I am creating a 3D sphere gallery with ActionScript 3 and the Flash 10 3D (2.5D) APIs. I have found a method that works but is not ideal. I would like to see if there is a better method.
My algorithm goes like this:
Let n = the number of images
h = the height of each image
w = the width of each image
Approximate the radius of the circle by assuming (incorrectly) that the surface area of the images is equal to the surface area of the sphere we want to create.To calculate the radius solve for r in nwh = 4πr2. This is the part that needs to be improved.
Calculate the angle between rows. rowAngle = 2atan(h / 2 / r).
Calculate the number of rows.rows = floor(π / rowAngle).
Because step one is an approximation, the number of rows will not fit perfectly, so for presentation add padding rowAngle.rowAngle += (π - rowAngle * rows) / rows.
For each i in rows:
Calculate the radius of the circle of latitude for the row.latitudeRadius = radius * cos(π / 2 - rowAngle * i.
Calculate the angle between columns.columnAngle = atan(w / 2 / latitudeRadius) * 2.
Calculate the number of colums.columns = floor(2 * π / columnAngle)
Because step one is an approximation, the number of columns will not fit perfectly, so for presentation add padding to columnAngle.columnAngle += (2 * π - columnAngle * column) / column.
For each j in columns, translate -radius along the Z axis, rotate π / 2 + rowAngle * i around the X axis, and rotate columnAngle * j around the Y axis.

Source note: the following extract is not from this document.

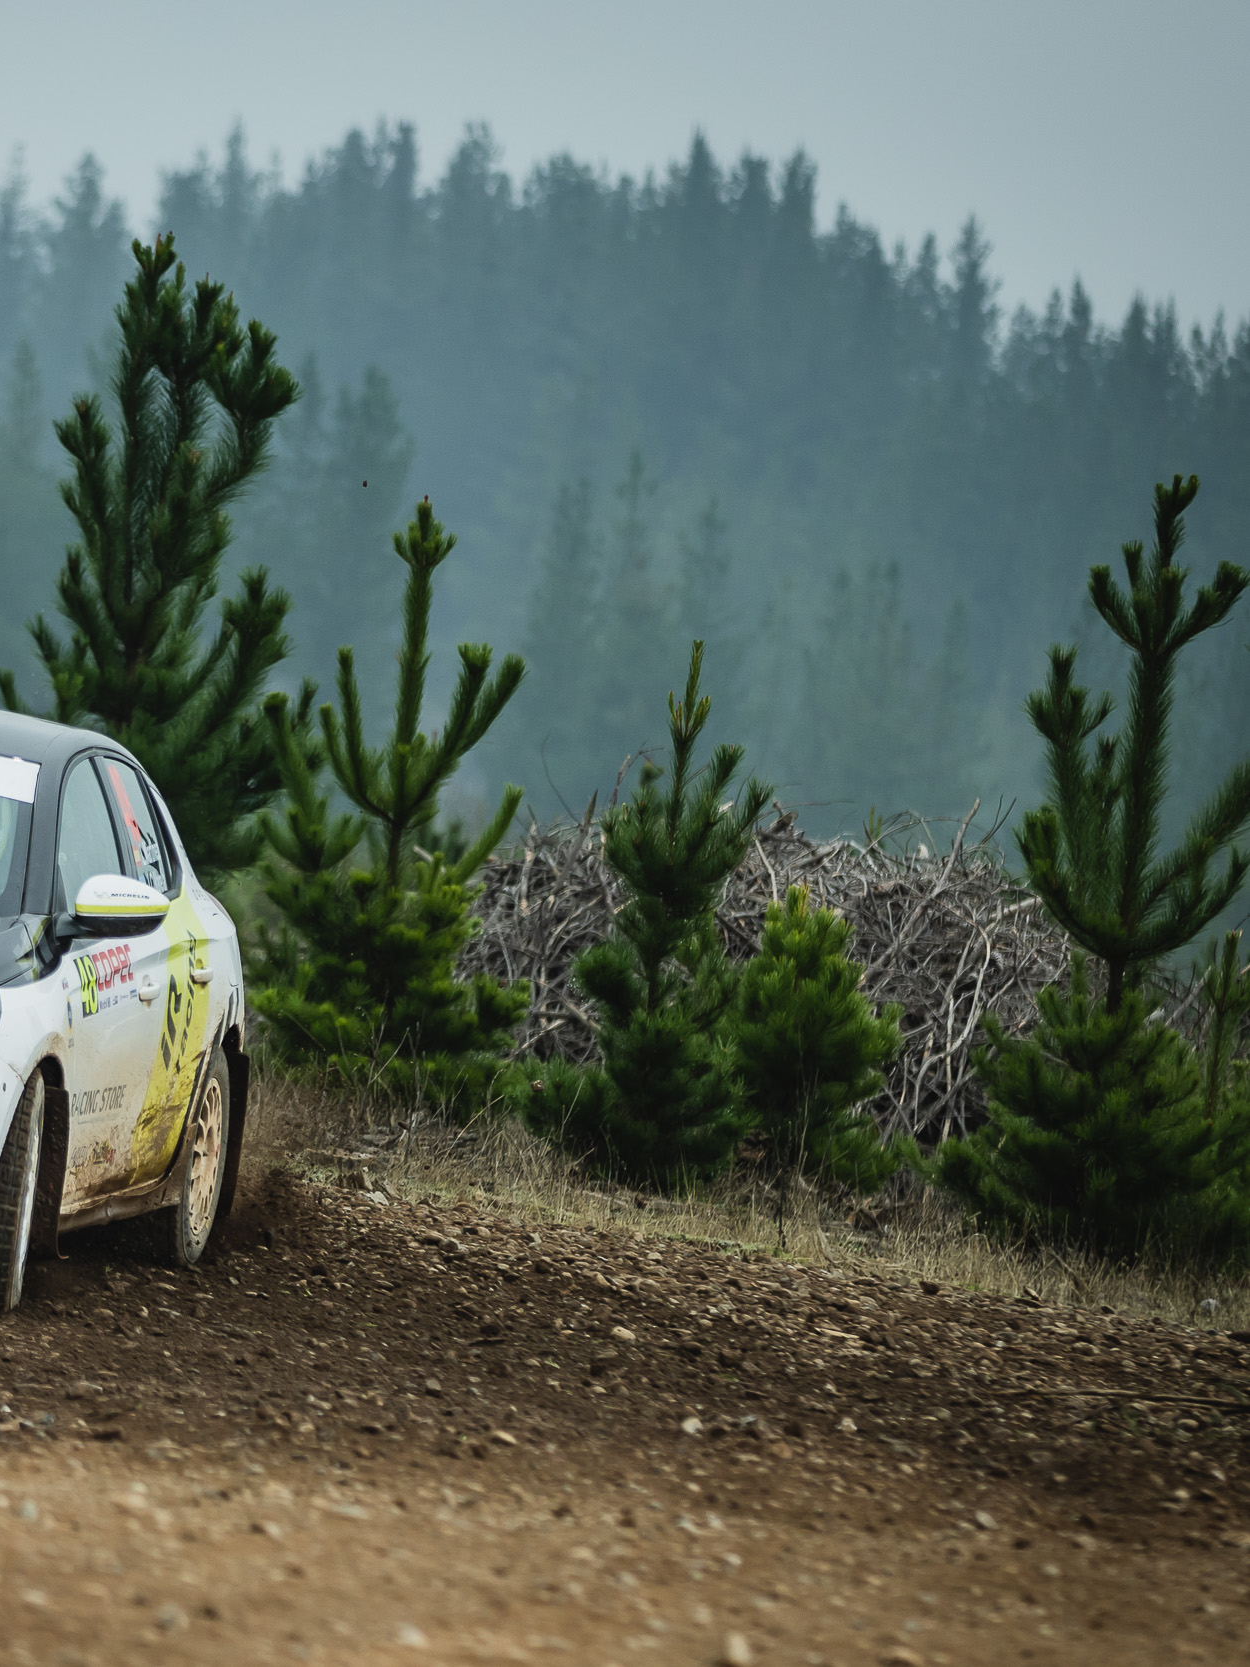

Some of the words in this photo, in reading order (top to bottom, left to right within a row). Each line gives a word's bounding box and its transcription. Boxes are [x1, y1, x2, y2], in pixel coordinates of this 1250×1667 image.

[75, 954, 99, 1015] 48
[91, 943, 134, 993] COPEC
[99, 1084, 127, 1112] STORE
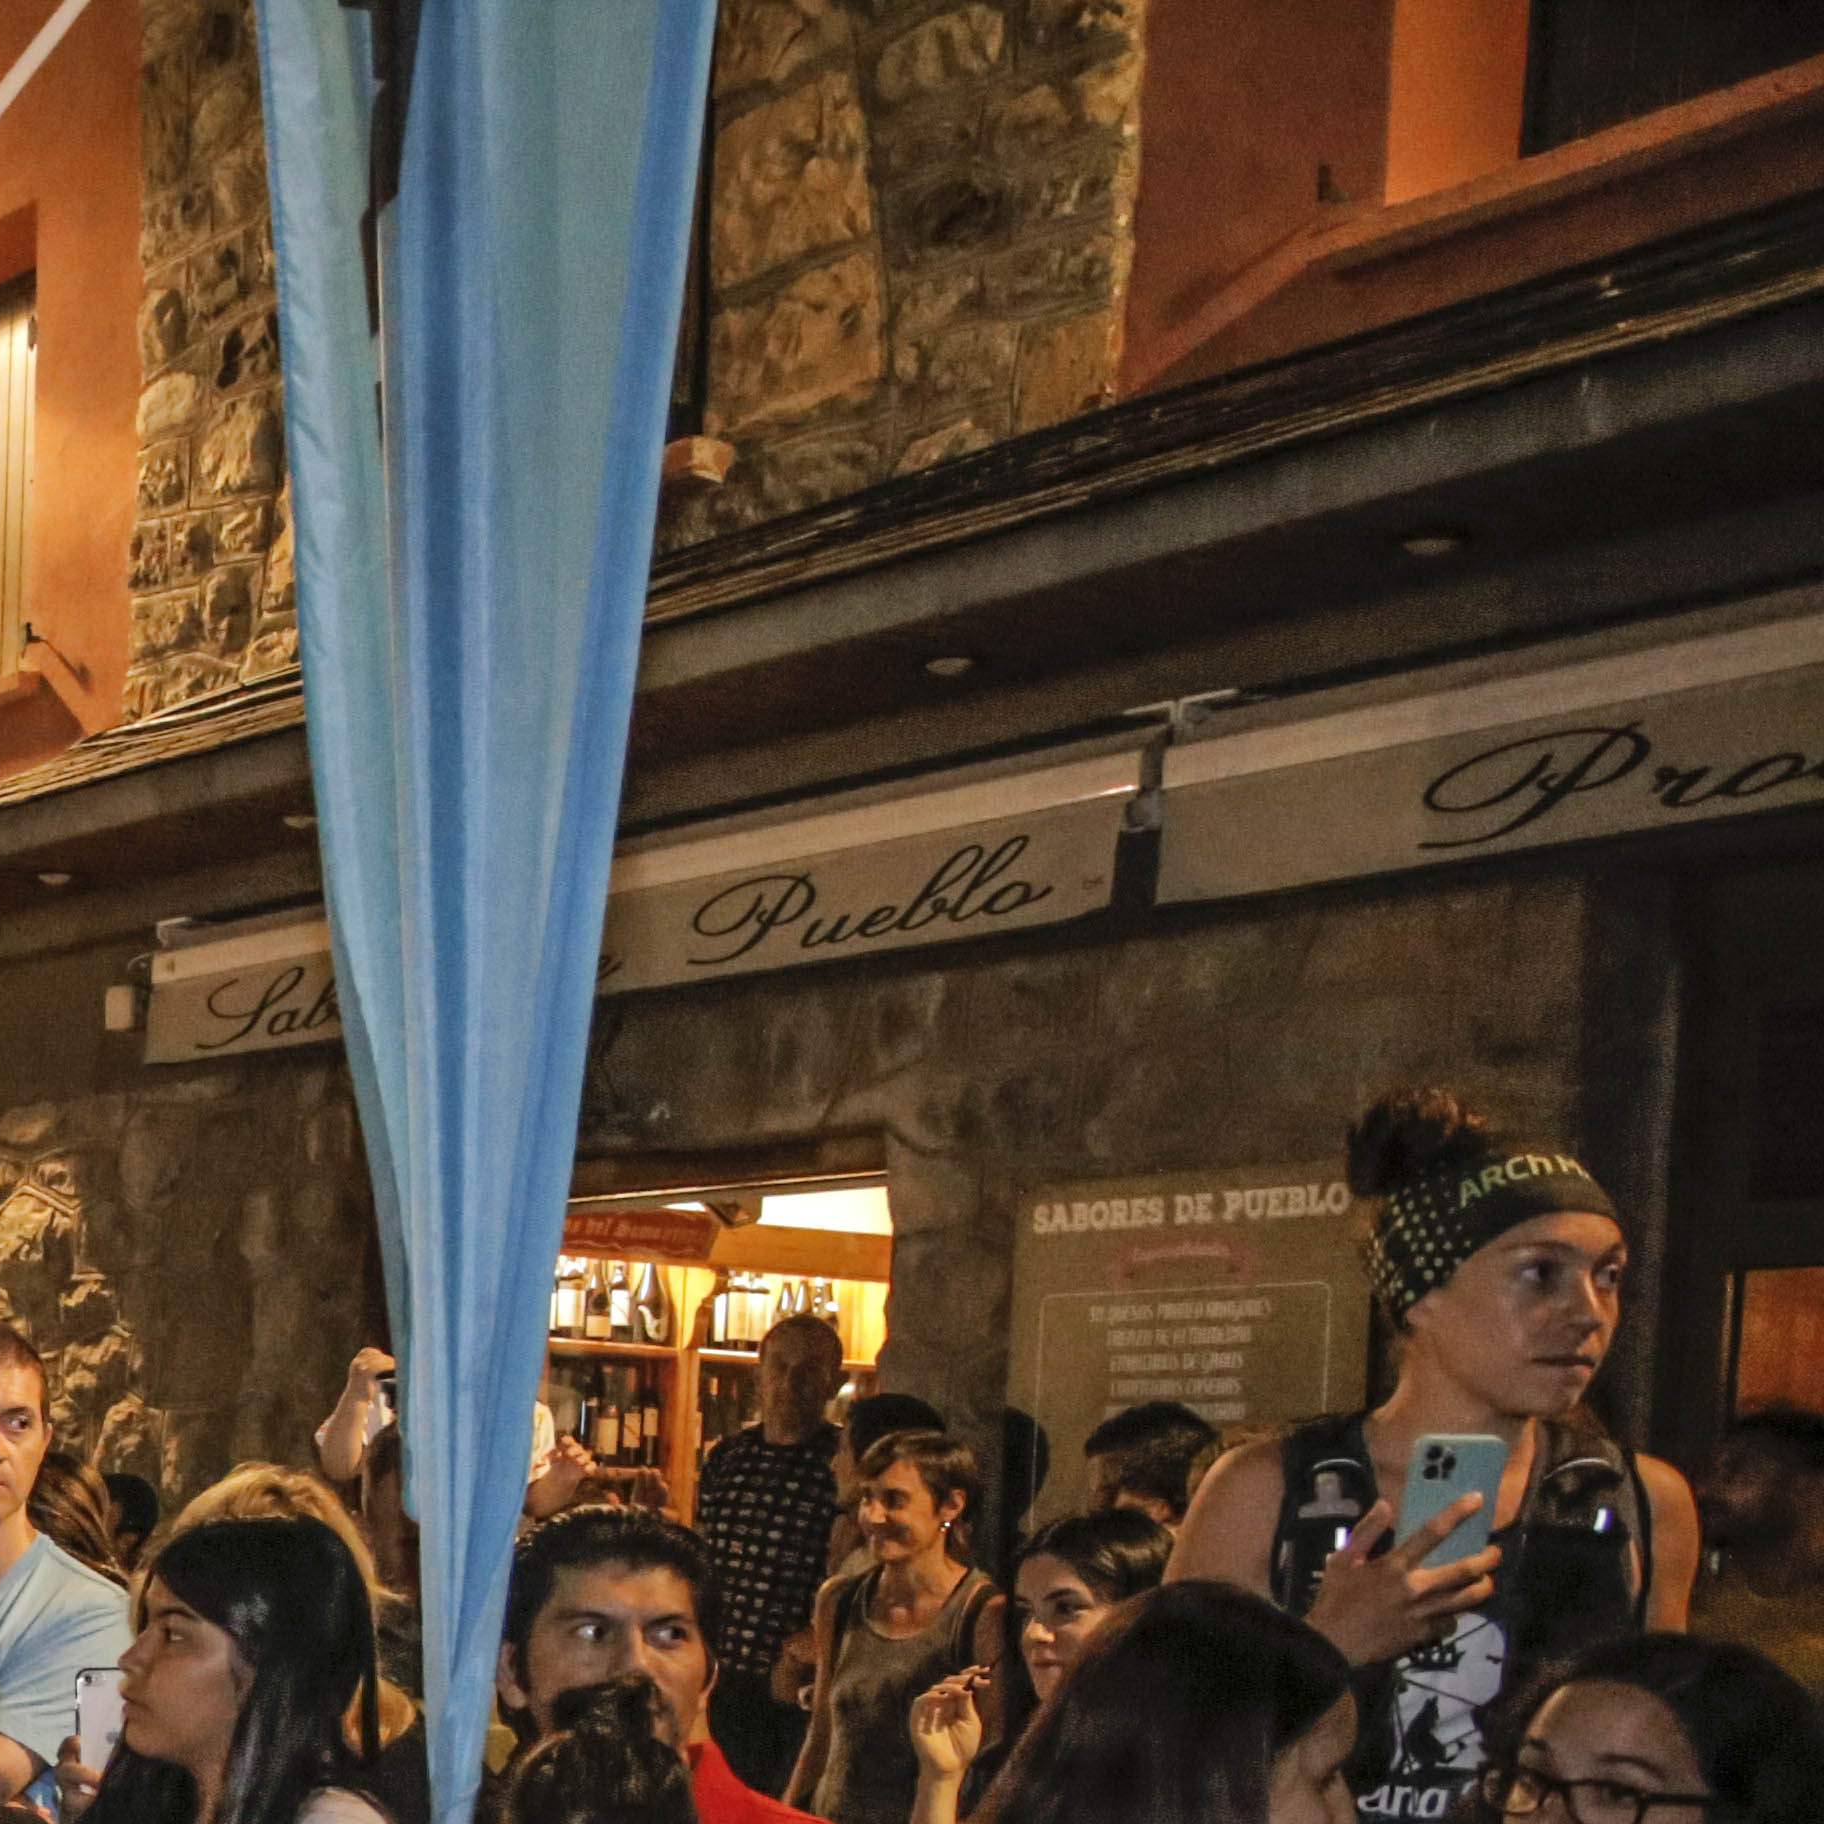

To see this in action, click here. alternate link. Notice that with the default settings, the number of items actually in the sphere are less by 13. I believe is the error introduced by my approximation in the first step.
I am not able to figure out a method for determining what the exact radius of such a sphere should be. I'm hoping to learn either a better method, the correct method, or that what I am trying to do is hard or very hard (in which case I will be happy with what I have).
I would divide this problem into two connected problems.
Given a radius, how do you pack things on to the sphere?
Given a number of things, how do you find the right radius?
If you have a solution to the first problem, the second is easy to solve. Here it is in pseudo-code.
lowerRadius = somethingTooSmall
fittedItems = itemsForRadius(lowerRadius)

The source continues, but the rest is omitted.